Lá pelas onze e quarenta e cinco da noite a conversa acabou
e as duas desligaram o telefone. Foi aí que Carola notou um barulho
estranho. Um balbuciar, depois umas risadas estranhas. Primeiro ela pensou
que fosse o vizinho novo do apartamento ao lado, depois que estava escutando
vozes do passado, mas ao chegar a porta do quarto percebeu que Jacinto
estava sonhando. A novidade dessa vez é que ele estava sentado na
cama. Quando Carola chegou mais perto ele começou a cantar uma canção
italiana que ela costumava ouvir quando era garota. No meio da cantoria
Jacinto parou e começou a xingar. Falou palavras que Carola nunca
tinha ouvido ele dizer, disse sacanagens que ela nunca imaginou que ele
pudesse falar. Carola pensou que era melhor acordá-lo, mas hesitou
quando percebeu que Jacinto voltou a se deitar e abraçou o travesseiro
dela. Carola ficou ali parada de boca aberta e com um ponto de interrogação
na cabeça. Depois olhou pro relógio, apagou a luz e foi pro
seu lado da cama.
"Eu devia ter gravado", ela pensou. Lembrou do gravadorzinho do seu
filho Paulo que estava estudando Jornalismo e foi pé ante pé
pegar o aparelho no quarto dele. Quando voltou Jacinto estava deitado no
lado dela e parecia discutir com alguém. Dessa vez Carola respirou
fundo, apertou os botões e colocou o gravador na mesa de cabeceira
dela.
No dia seguinte Carola não teve coragem de falar pro Jacinto
o que ela tinha ouvido. Ela decidiu comprar um gravador que nem o do filho
e tirou a câmera de vídeo do armário do quarto dos
fundos.
Os sonhos passaram a acontecer diariamente. Sempre após os telefonemas
da Pretinha. `As vezes ela apagava a luz e dormia por algumas horas e acordava
com Jacinto empolgado como se estivesse cavalgando um cavalo. Ela saía
da cama, pegava o vídeo e filmava tudo que ele dizia e todos os
seus gestos. Durante duas semanas Jacinto ficou sonhando animadamente.

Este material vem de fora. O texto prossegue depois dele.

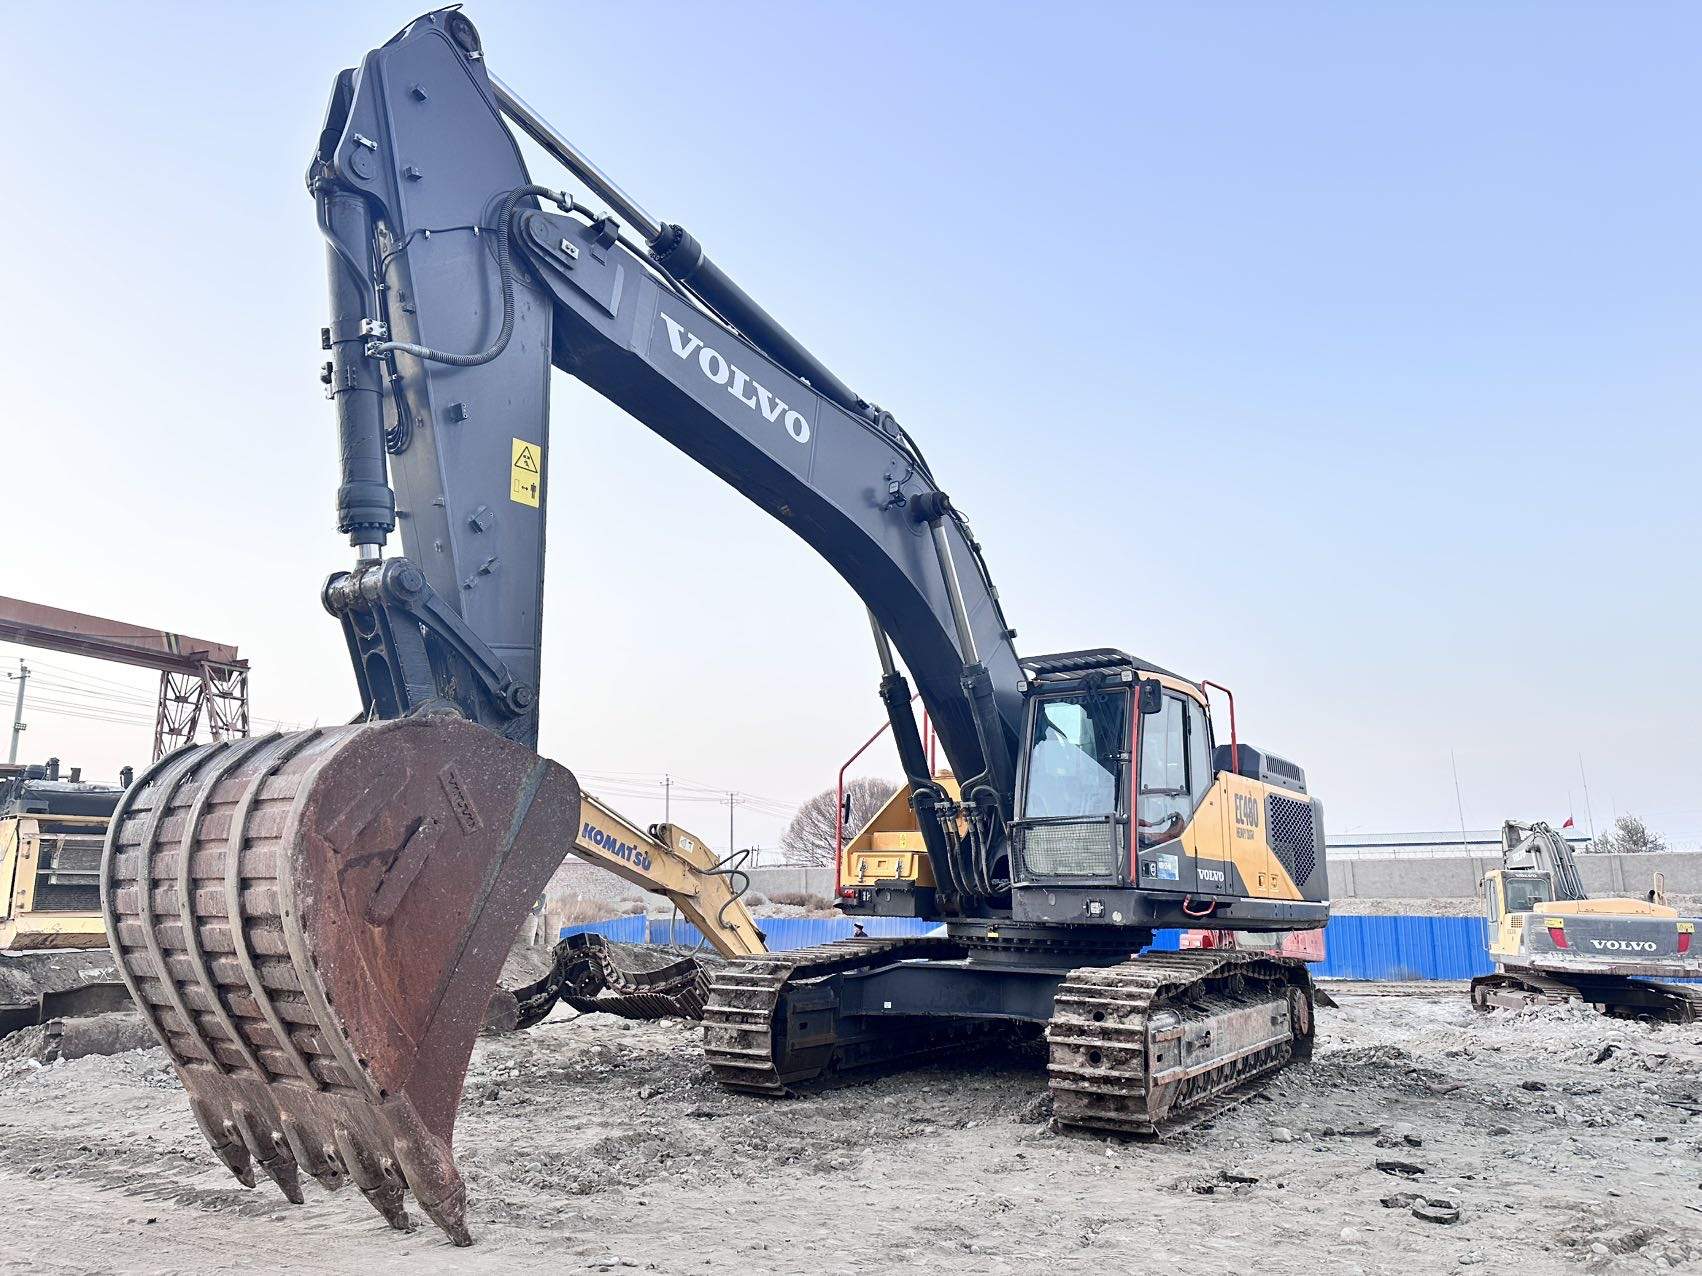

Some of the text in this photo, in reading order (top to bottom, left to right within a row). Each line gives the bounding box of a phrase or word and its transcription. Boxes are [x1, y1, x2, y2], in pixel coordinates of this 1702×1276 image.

[660, 311, 811, 443] VOLVO
[1234, 793, 1259, 828] EC480
[581, 822, 651, 871] KOMATSU
[1197, 869, 1225, 881] VOLVO
[1590, 939, 1657, 952] VOLVO

Cantava, corria, gritava, transava, discutia com os feirantes e tinha
conversas com os políticos da época. Carola perdeu o gosto
pela sessão de filme todos os sábados e parou de comprar
pipoca no supermercado. Jacinto notou que Carola agora ia mais cedo pra
cama com ele e que tinha parado de esperar pelos telefonemas de Pretinha
toda noite às onze e quinze. Ele gostou de ver que ela lhe fazia
companhia na hora de dormir e passou a segurar a mão dela e a abraçar
Carola carinhosamente toda noite.
Foi aí que os sonhos pararam.
Foi aí que Carola se apaixonou por Jacinto novamente.